Another stab of sorrow went through her at the thought of Mark, one more loss she had been helpless to prevent.
How long could she continue to do this?
She’d been caring for the dying for years now, and each loss added to the one before it, heaping another weight of sadness to a load she could barely carry. Despite what Dr. Lippmann had said, she had developed no inurement to death, her care for the dying hadn’t made her tough; it had made her realize she was no more than a flag-bearer on a battlefield, watching the dying fall. How much insight had she gained over the years? About life? About herself? About God?
The God Mark had believed in so firmly.
Mark had tried to help, had tried to give her a part of his own faith, his assurance in the goodness of God, but Marin knew from years of experience that faith is necessary for the dying.
For the living, it comes harder.
She brushed at her tears. Dealing with death and dying was her job—had been for a long time now—and she had no use for maudlin sentimentality in herself or in others. Mark had certainly not had any for himself. Even near death, his faith had been strong, his concern not for himself but for others, for her.
The arrangements for Mark’s memorial service were made, she needed only to make a phone call to put the preparations into motion. She would call Mark’s family as well, give them her condolences, but not now.
“Do you keep in touch?” Mark had asked her toward the end. “You know, with the family?”
“Yes, I keep in touch. For a while anyway.”
“Good,” he’d answered. “You know my dad and I aren’t close, but my mom will need you.”
She’d smiled, but the reality was that after a death she was an unwelcome reminder of dark days, and no one had ever ‘kept in touch’ with her, or she with them.

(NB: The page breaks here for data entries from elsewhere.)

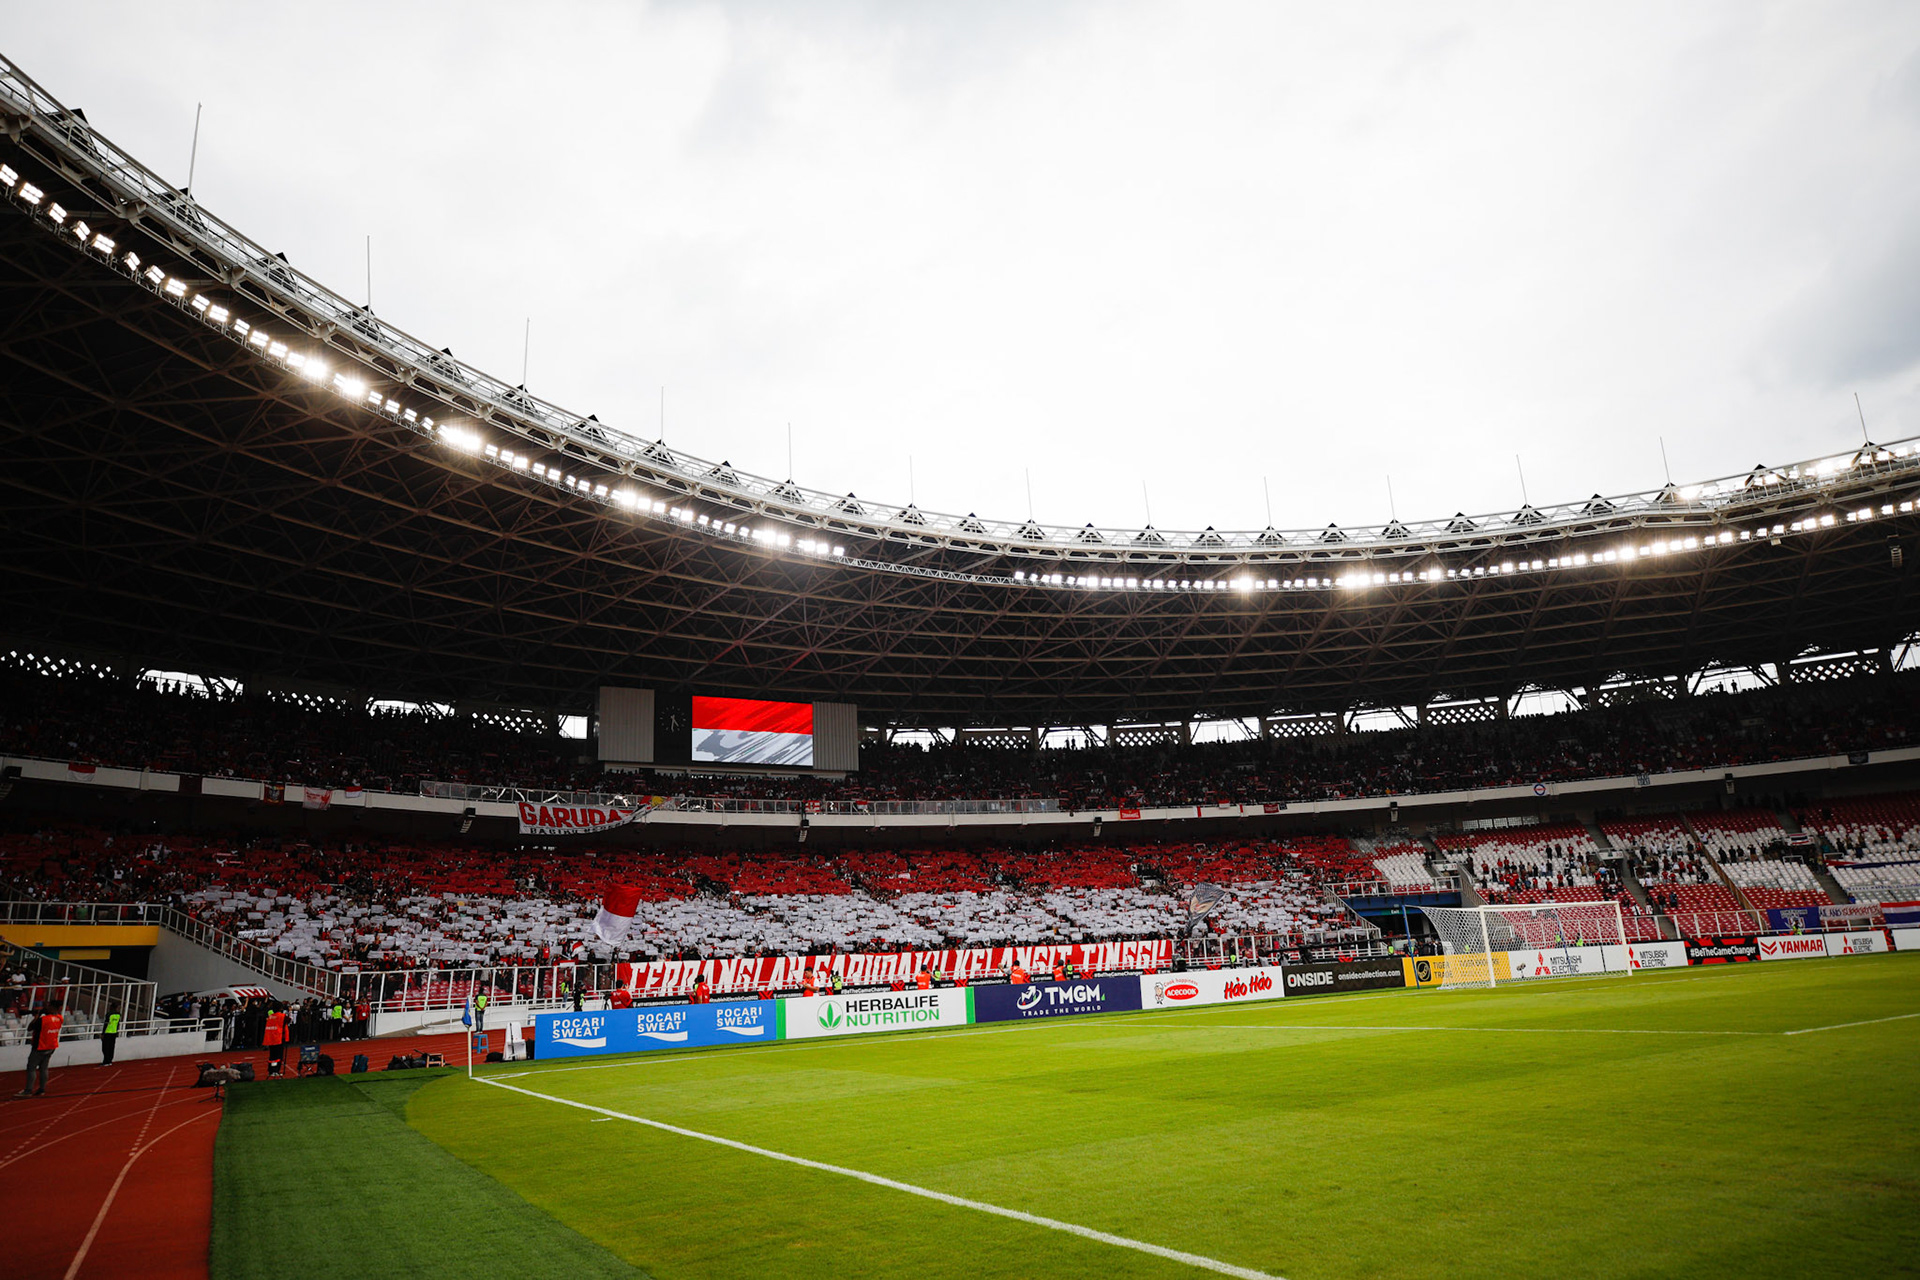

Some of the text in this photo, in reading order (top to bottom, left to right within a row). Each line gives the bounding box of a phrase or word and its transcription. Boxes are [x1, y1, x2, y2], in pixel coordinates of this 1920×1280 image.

[518, 801, 622, 828] GARUDA
[1690, 945, 1756, 957] #BeTheGameChanger
[1779, 938, 1824, 954] YANMAR
[24, 951, 40, 959] Exi
[1639, 949, 1669, 959] MITSUBISHI
[1432, 961, 1450, 970] TIGER
[1641, 958, 1667, 968] ELECTRIC
[1287, 971, 1334, 988] ONSIDE
[1338, 969, 1401, 980] onsidecollection.com
[1044, 984, 1100, 1005] TMGM
[846, 995, 939, 1013] HERBALIFE
[637, 1011, 686, 1024] POCARI
[716, 1006, 763, 1018] POCARI
[846, 1008, 940, 1027] NUTRITION
[1022, 1008, 1049, 1016] TRADE
[552, 1016, 605, 1030] POCARI
[637, 1020, 682, 1033] SWEAT
[716, 1015, 759, 1027] SWEAT
[552, 1026, 600, 1039] SWEAT

She took her coffee to the bedroom and picked up the invitation on the nightstand. She’d promised Mark she would go, and she intended to be well on her way to Shiprock before the heat of the summer day set in, but she read the card again, whispering the words to herself and studying the formal signature—Evangelina Tso—underlined and in Vangie’s remembered handwriting.
Vangie would know Marin would catch the significance of using her name, of using both their names, but that didn’t explain why a woman as strong as Vangie Tso needed her help.
Please come, Marin. I need to see you.
The entire invitation was a mystery, for besides the fact that she and Vangie had not graduated in the year stamped on the invitation, and their tenth anniversary had passed several years ago, the address for the reception was odd as well—she’d looked it up and found it was the address...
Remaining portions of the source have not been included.